# plans for tables saw sled



## jemangin (Oct 23, 2013)

Does anyone have a link to a good T/S sled plan? I just bought a full size T/S and need to make a full size one for it. My portable T/S sled is ok but I am sure there is a better plan out there.


----------



## BrianS (Nov 7, 2004)

Hi Jamie. I would suggest looking on Youtube. Do a search... there are LOTS of examples on there. As for plans... it's not a difficult thing to draw up on your own. Only thing you have to decide on is how big you want to make it. 

Of course, once you have it made, you will probably discover that it's not big enough.


----------



## Semipro (Mar 22, 2013)

use the forum search engine


----------



## Cherryville Chuck (Sep 28, 2010)

You can search YouTube for Norm Abrams or New Yankee Workshop for a video showing him making one. There was also a thread not long ago started by Moz that had a lot of input from members that can be found by searching our members list for her then finding her personal profile by clicking on her user name and then checking her Statistics for past threads and posts. 

One thing you have to decide is whether you want a single or double runner sled.

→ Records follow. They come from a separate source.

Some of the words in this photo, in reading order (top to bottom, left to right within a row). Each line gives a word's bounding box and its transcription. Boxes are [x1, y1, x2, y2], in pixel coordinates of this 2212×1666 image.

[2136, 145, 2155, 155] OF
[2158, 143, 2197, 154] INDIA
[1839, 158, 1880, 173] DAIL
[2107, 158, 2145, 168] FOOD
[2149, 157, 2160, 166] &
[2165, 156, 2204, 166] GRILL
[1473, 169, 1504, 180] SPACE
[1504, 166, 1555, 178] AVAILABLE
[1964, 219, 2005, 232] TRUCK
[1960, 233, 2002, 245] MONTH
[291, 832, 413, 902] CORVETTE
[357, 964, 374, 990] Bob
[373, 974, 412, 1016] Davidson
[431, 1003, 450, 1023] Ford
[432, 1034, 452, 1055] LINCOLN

Each is better at some things than the other.


----------



## woodknots (Mar 7, 2012)

Jamie:

Depends on how elaborate a sled you want to make. You can go with a one-runner simple fence and panel; a two runner with fences front and back with a safety guard.

Here's a link to a fancy sled - the video pertains to the 5-cut method (I'm not advocating this method - I'm only providing the link) but on the web page he lists the dimensions of the sled/runners etc. 

5 Cuts To A ?Perfect? Cross Cut Sled | William Ng School of Fine Woodworking


----------



## timbertailor (Oct 4, 2009)

Over the years, I have found them bulky and a pain to store and have fallen into disuse.

I use an Osborne Miter Guide now and find it much easier to store and use. Incra makes a nice one too!


----------



## Eugd (Jan 29, 2015)

Nick ferry has a good video on YouTube and also plans that he sells on his site


----------



## Herb Stoops (Aug 28, 2012)

Maybe Moz will share some of her plans.

Herb


----------



## gmcromp (Jun 1, 2012)

You can go to stumpy nubbs and build one that does about everything. The plans are usually 10 bucks. The guy makes some interesting stuff. Stumpynubs.com


----------



## Stick486 (Jan 4, 2013)

use the forum search before Déjà Vu sets in..


----------



## Herb Stoops (Aug 28, 2012)

Stick486 said:


> use the forum search before De'javue sets in..


Yup,

Herb


----------



## jemangin (Oct 23, 2013)

Found the 30 pages of Moz discussion on sleds. Learned lots. Thanks.


----------



## woodknots (Mar 7, 2012)

jemangin said:


> Found the 30 pages of Moz discussion on sleds. Learned lots. Thanks.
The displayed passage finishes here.